Ils interprètent le chant aqwaqwam au rythme d’un tambour appelé kabaro, tenant dans leur main gauche un bâton de prière appelé maqwameya (le terme à la même étymologie que le mot aqwaqwam) et dans leur main droite un sistre appelé tsénasel.     

  • Le kabaro, qui est un tambour de bois de forme conique en peau de vache, est recouvert d’un tissu qui représente le linceul qui recouvra le corps du Christ lors de sa mise au tombeau, ou le tissu couvrant son visage par les soldats romains qui le giflèrent ensuite, lui demandant de deviner celui qui l'avait frappé. La petite membrane du tambour symbolise le nouveau testament, la grande membrane symbolise l’ancien testament. Quand celui-ci qui en joue frappe les membranes, cela représente les gifles reçues par le Christ et dans ce cas là les deux membranes représentent ces joues.
Le kabaro

 

  • Le bâton de prière, en bois, en forme de croix, représente la croix que porta le Christ et sur laquelle il fut crucifié.
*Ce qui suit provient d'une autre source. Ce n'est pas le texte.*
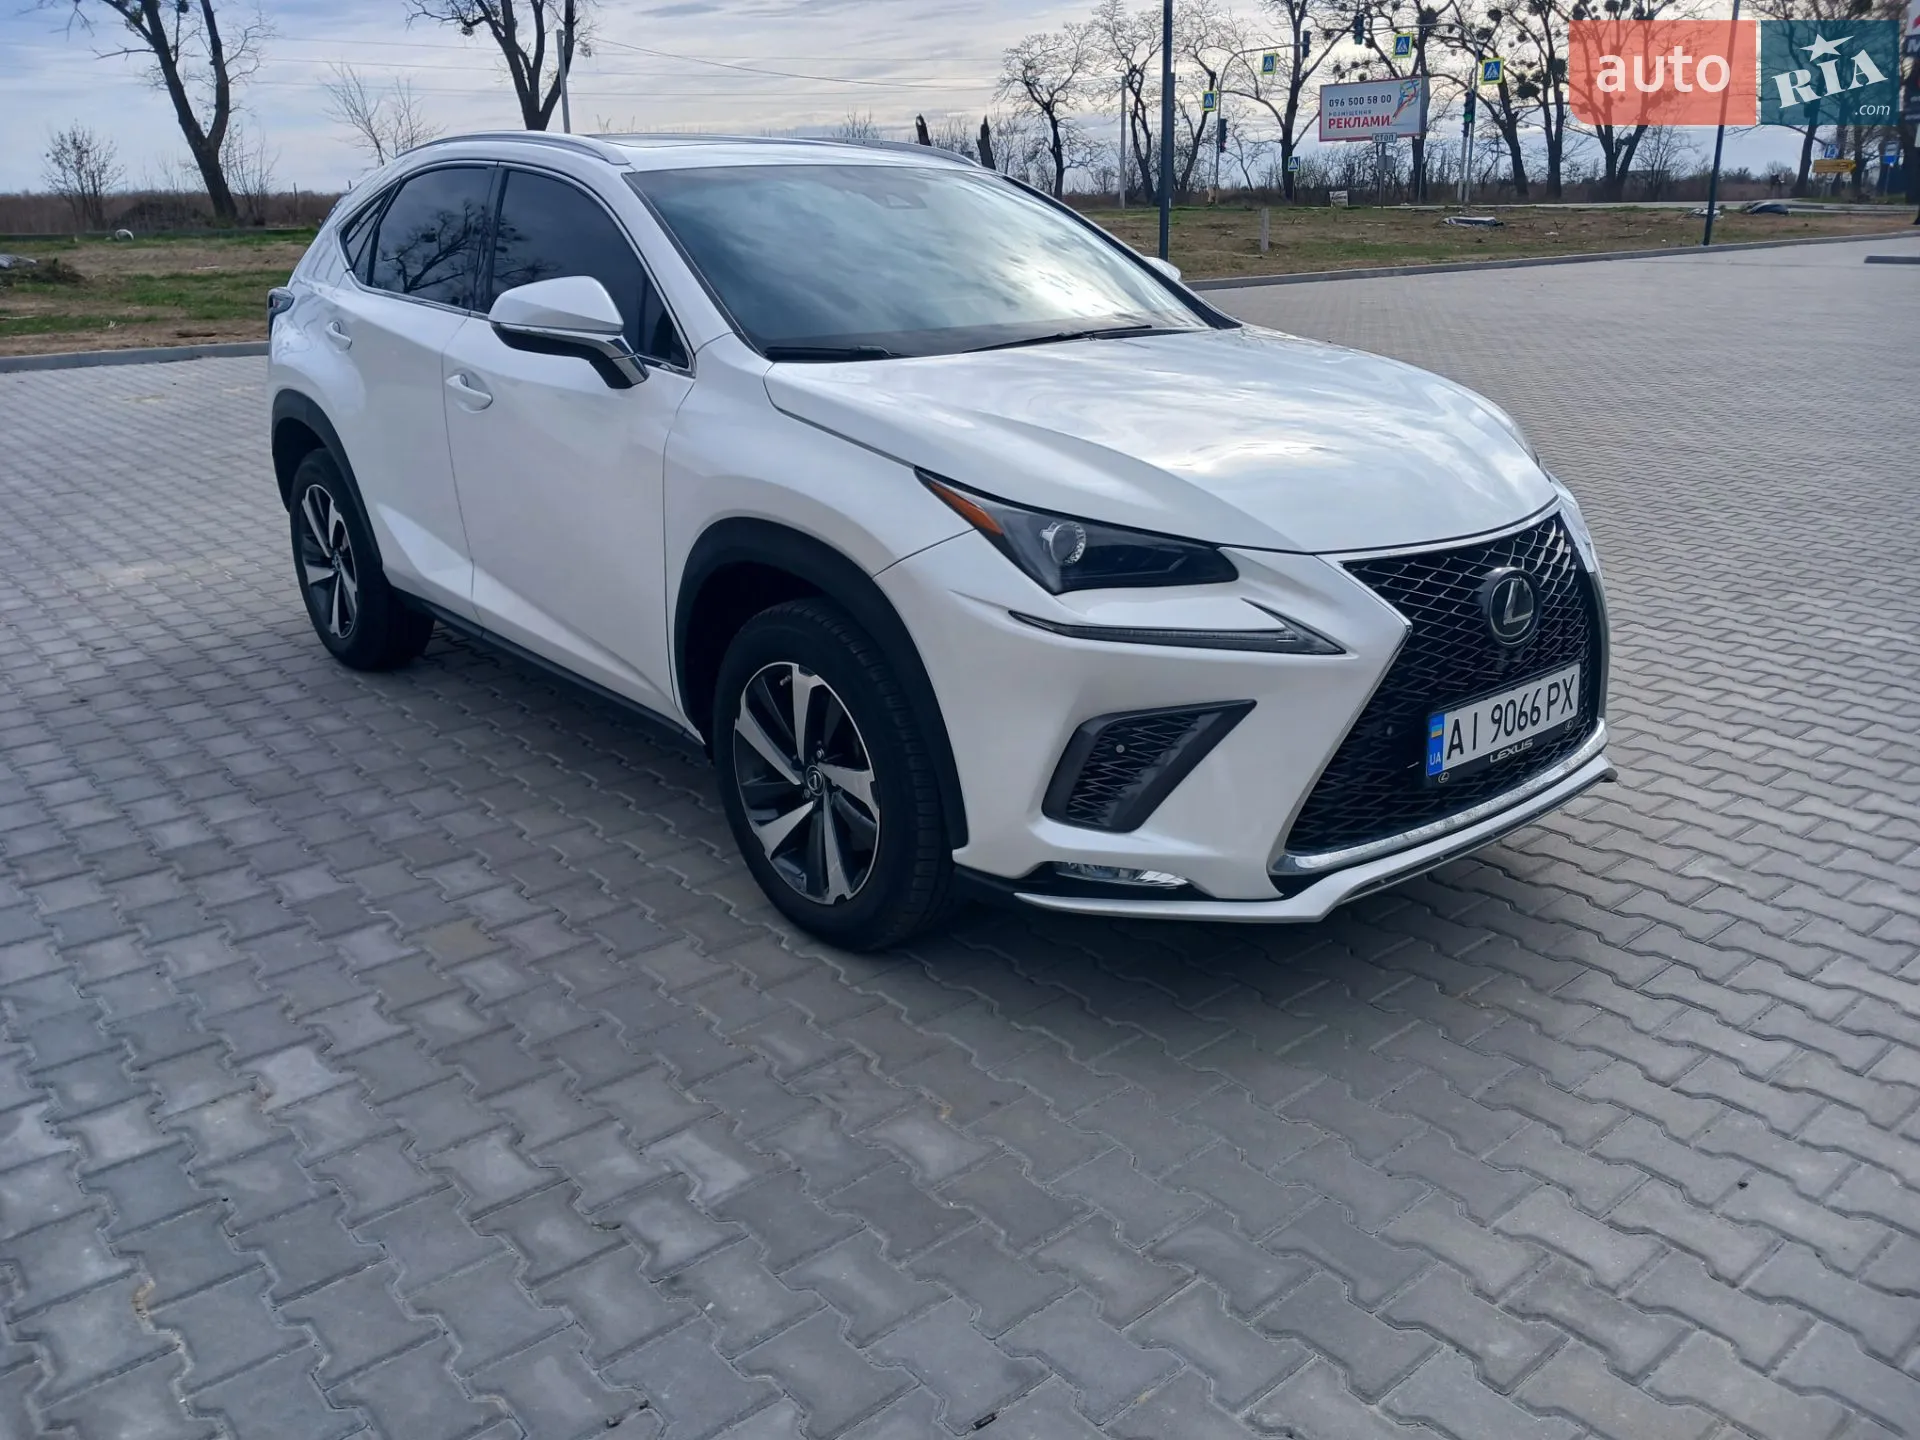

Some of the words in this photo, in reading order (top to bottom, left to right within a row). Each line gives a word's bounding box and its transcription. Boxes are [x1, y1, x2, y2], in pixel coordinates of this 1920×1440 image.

La tête souvent métallique représente la tête de l’agneau, l'agneau pascal, symbole du ChristIl peut être mis sous le menton ou se glisser sous l'aisselle, servant ainsi de support pour se reposer.
Le bâton de prière

 

  • Le sistre, qui peut être en or, argent ou autres mentaux, représente l’échelle de Jacob. Il est constitué de deux montants verticaux symbolisant l’ancien et le nouveau testament, la jonction des deux au sommet formant la bible. Il y a deux files de fer avec cinq rondelles symbolisant les deux prêtres et trois diacres nécessaires pour célébrer la messe ou les deux natures du Christ et les trois personnes de la Sainte Trinité. Selon certains membres de l’église, le son du tsénasel symbolise le bruit des ailes des séraphins et des chérubins que saint Yared a entendu dans les cieux.
Le sistre

A quel moment de l’année et de la liturgie ces chants Aqwaqwam sont exécutés :

Les chants aqwaqwam ne sont interprétés que pendant les messes dominicales, lors des fêtes mensuelles et annuelles des églises.

L’office du dimanche est appelé mazmur. Il intervient avant la messe.

Lors des célébrations mensuelles, l'office durant lequel les chants aqwaqwam sont exécutés porte le nom de mahlet (chanter pour louer Dieu). Il se déroule généralement entre 1 heure et 6 heures du matin ou entre 7 heures et demi et midi si la célébration se tient en période de jeûne.

Les célébrations annuelles  comprennent deux offices: un office de vigile (la veillée) appelé wazema qui a lieu dans l’après-midi de la veille du jour de fête entre 14h00 et 17h30. Et si c'est un jour de jeune, le matin du jour de fête entre 9h00 et 12h30, avant la messe. L'autre office est mahlet comme pour une fête mensuelle qui dans ce cas peut durer du début de la soirée (vers 20h00) jusqu'au matin.

Ces horaires ne sont pas toujours respectés par l’église.

Enseignement du chant aqwaqwam :

Selon l’église le chant aqwaqwam remonterait à l’époque de Saint Yared. Mais il a fallu attendre le 15e siècle pour qu’il soit enseigné. L’enseignement se fera de manière orale jusqu’au 20siècle.  C’était un apprentissage long et difficile. Au 20e siècle, les savants de l’église vont rédiger le livre de Ziq (le livre du chant antiphonaire, chant repris en alternance par deux chœurs) qui va alors simplifier l’éducation du chant aqwaqwam.

Il y a quatre sortes d’écoles pour enseigner le chant (tacˇ bet, laye bet, sankwa et täkle), qui forment quatre grands centres d’enseignement, ayant un maître fondateur différent. Ces écoles présentent chacune dans le chant des spécificités dans les domaines du rythme musical et de la gestuelle. L’école tacˇ bet (littéralement la maison plus bas) est la plus commune.

C’est à Gondar où l’éducation religieuse est la plus réputée, où se trouve les meilleures écoles de chant aqwaqwam.

L’enseignement du chant aqwaqwam fait parti du cursus de l’éducation supérieure de l’église orthodoxe éthiopienne et est enseigné dans une école appelé zéma bet (zéma: hymne ; bet : école).

Dans cette école il y a quatre apprentissages différents dont les deux plus importants et obligatoires pour les chantres sont, dans l'ordre de la formation:

L’enseignement appelé zéma où l’on apprend les hymnes qui seront chantés durant la liturgie et qui furent composés par St Yared. Et le chant aqwaqwam qui est une éducation spécialisée qui couvre le jeu d’instruments de musique, la performance vocale et le mouvement corporel.